> Data supplied
----------

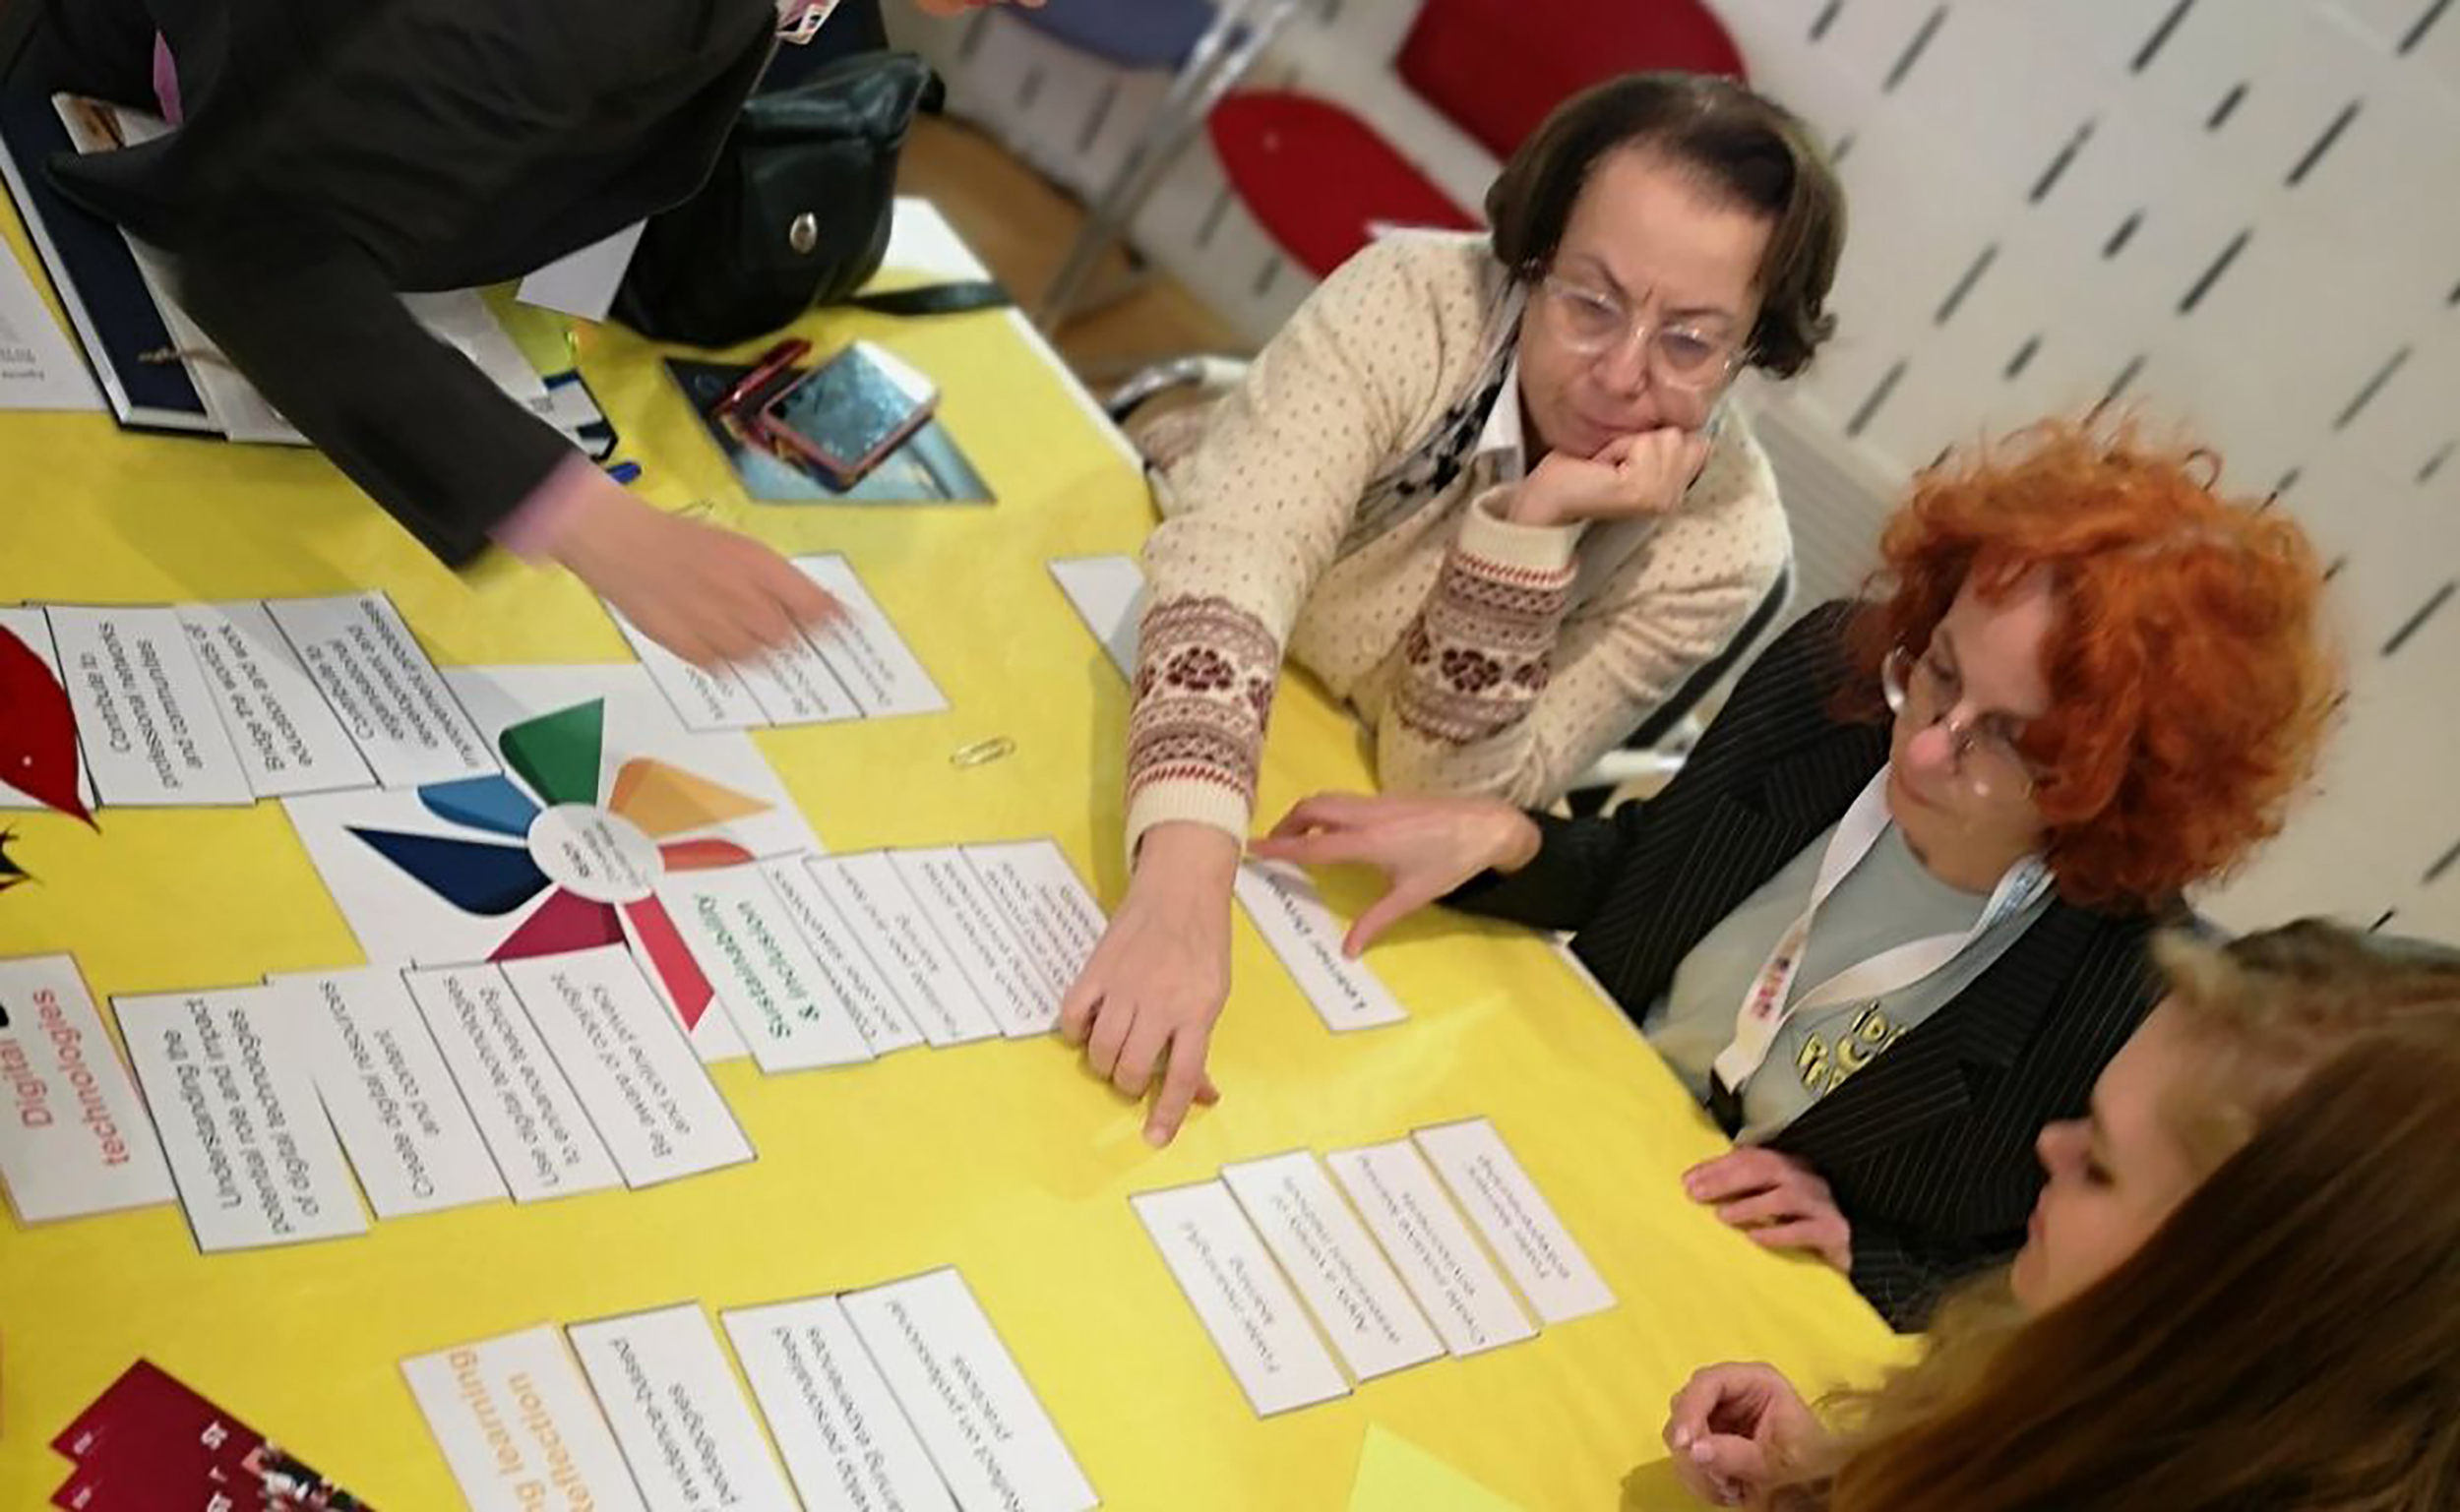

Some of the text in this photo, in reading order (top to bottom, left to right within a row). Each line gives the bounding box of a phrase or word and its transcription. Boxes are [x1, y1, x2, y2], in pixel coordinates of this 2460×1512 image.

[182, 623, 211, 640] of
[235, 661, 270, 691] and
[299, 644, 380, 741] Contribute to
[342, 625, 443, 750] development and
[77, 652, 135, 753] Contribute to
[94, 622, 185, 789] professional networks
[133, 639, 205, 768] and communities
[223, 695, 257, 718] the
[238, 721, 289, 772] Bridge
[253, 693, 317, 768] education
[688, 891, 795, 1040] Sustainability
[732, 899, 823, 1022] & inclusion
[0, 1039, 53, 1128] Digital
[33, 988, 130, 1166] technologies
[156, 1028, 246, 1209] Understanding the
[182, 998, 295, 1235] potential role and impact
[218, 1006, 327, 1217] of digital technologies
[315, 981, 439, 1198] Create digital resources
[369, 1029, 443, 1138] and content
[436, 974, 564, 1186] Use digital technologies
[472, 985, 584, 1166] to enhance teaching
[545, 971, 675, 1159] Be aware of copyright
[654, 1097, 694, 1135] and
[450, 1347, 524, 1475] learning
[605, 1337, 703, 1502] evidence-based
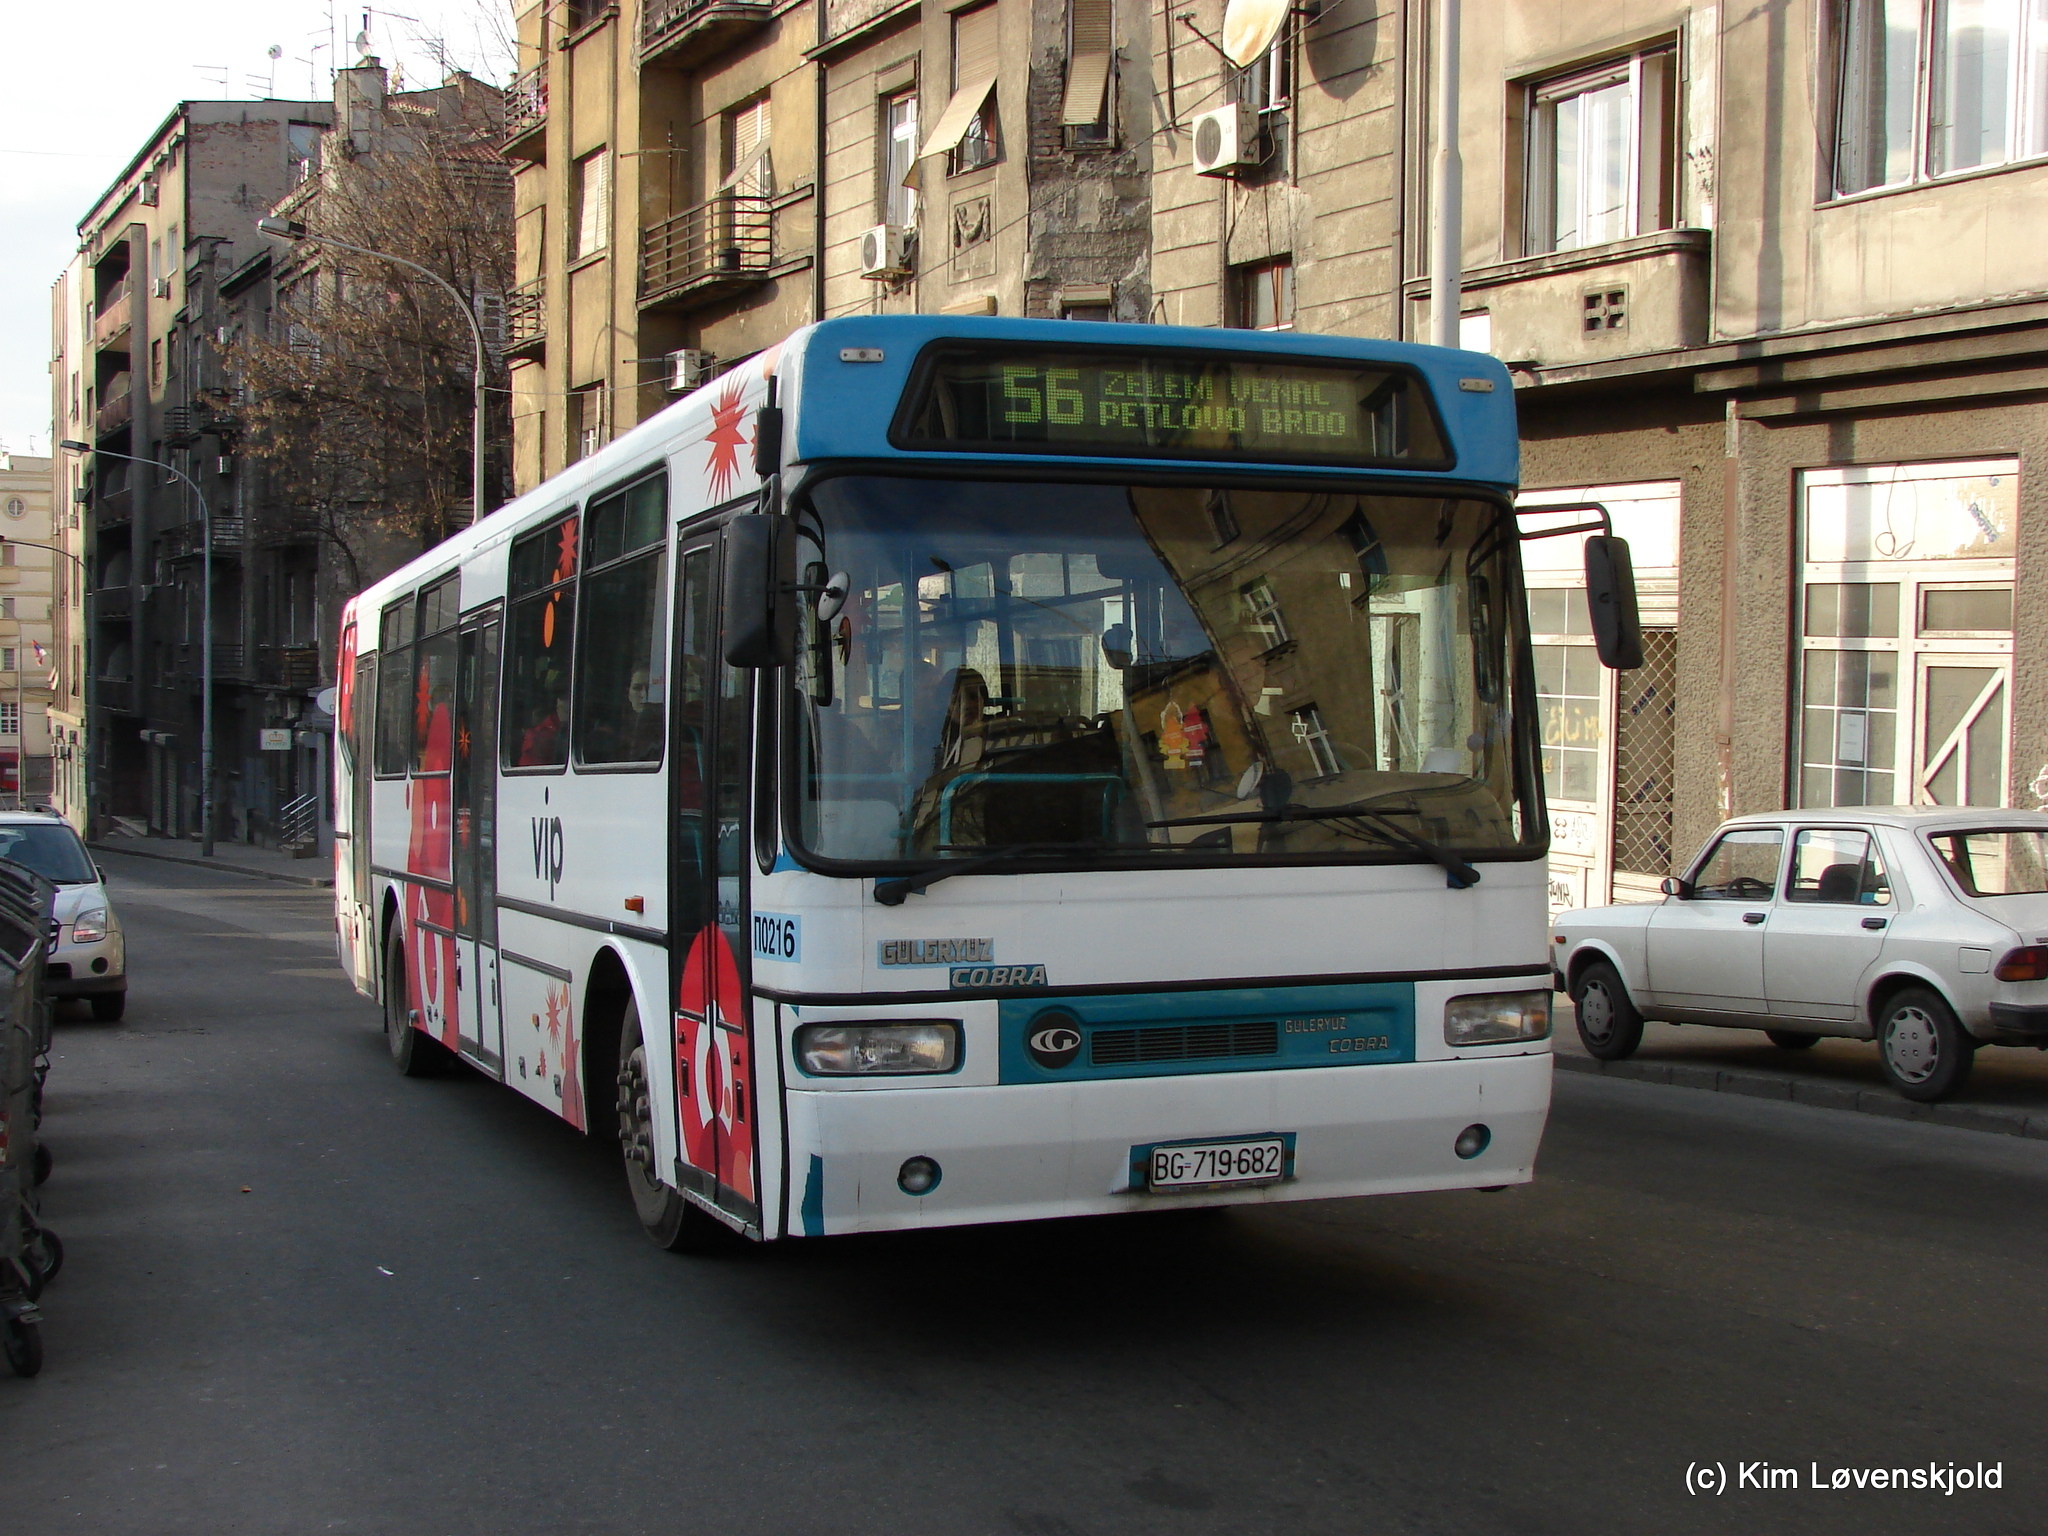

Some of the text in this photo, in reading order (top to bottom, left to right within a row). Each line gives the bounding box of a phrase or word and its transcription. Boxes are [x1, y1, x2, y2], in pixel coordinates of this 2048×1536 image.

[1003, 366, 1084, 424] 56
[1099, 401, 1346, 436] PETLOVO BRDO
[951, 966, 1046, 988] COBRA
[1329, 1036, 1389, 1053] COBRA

----------

> What to produce
Please set down every record above exactly as it appears, leaving out the pictures.

> Written answer
Some of the text in this photo, in reading order (top to bottom, left to right within a row). Each line gives the bounding box of a phrase or word and its transcription. Boxes are [x1, y1, x2, y2], in pixel coordinates of this 2460×1512 image.

[182, 623, 211, 640] of
[235, 661, 270, 691] and
[299, 644, 380, 741] Contribute to
[342, 625, 443, 750] development and
[77, 652, 135, 753] Contribute to
[94, 622, 185, 789] professional networks
[133, 639, 205, 768] and communities
[223, 695, 257, 718] the
[238, 721, 289, 772] Bridge
[253, 693, 317, 768] education
[688, 891, 795, 1040] Sustainability
[732, 899, 823, 1022] & inclusion
[0, 1039, 53, 1128] Digital
[33, 988, 130, 1166] technologies
[156, 1028, 246, 1209] Understanding the
[182, 998, 295, 1235] potential role and impact
[218, 1006, 327, 1217] of digital technologies
[315, 981, 439, 1198] Create digital resources
[369, 1029, 443, 1138] and content
[436, 974, 564, 1186] Use digital technologies
[472, 985, 584, 1166] to enhance teaching
[545, 971, 675, 1159] Be aware of copyright
[654, 1097, 694, 1135] and
[450, 1347, 524, 1475] learning
[605, 1337, 703, 1502] evidence-based

Some of the text in this photo, in reading order (top to bottom, left to right within a row). Each line gives the bounding box of a phrase or word and its transcription. Boxes are [x1, y1, x2, y2], in pixel coordinates of this 2048×1536 image.

[1003, 366, 1084, 424] 56
[1099, 401, 1346, 436] PETLOVO BRDO
[951, 966, 1046, 988] COBRA
[1329, 1036, 1389, 1053] COBRA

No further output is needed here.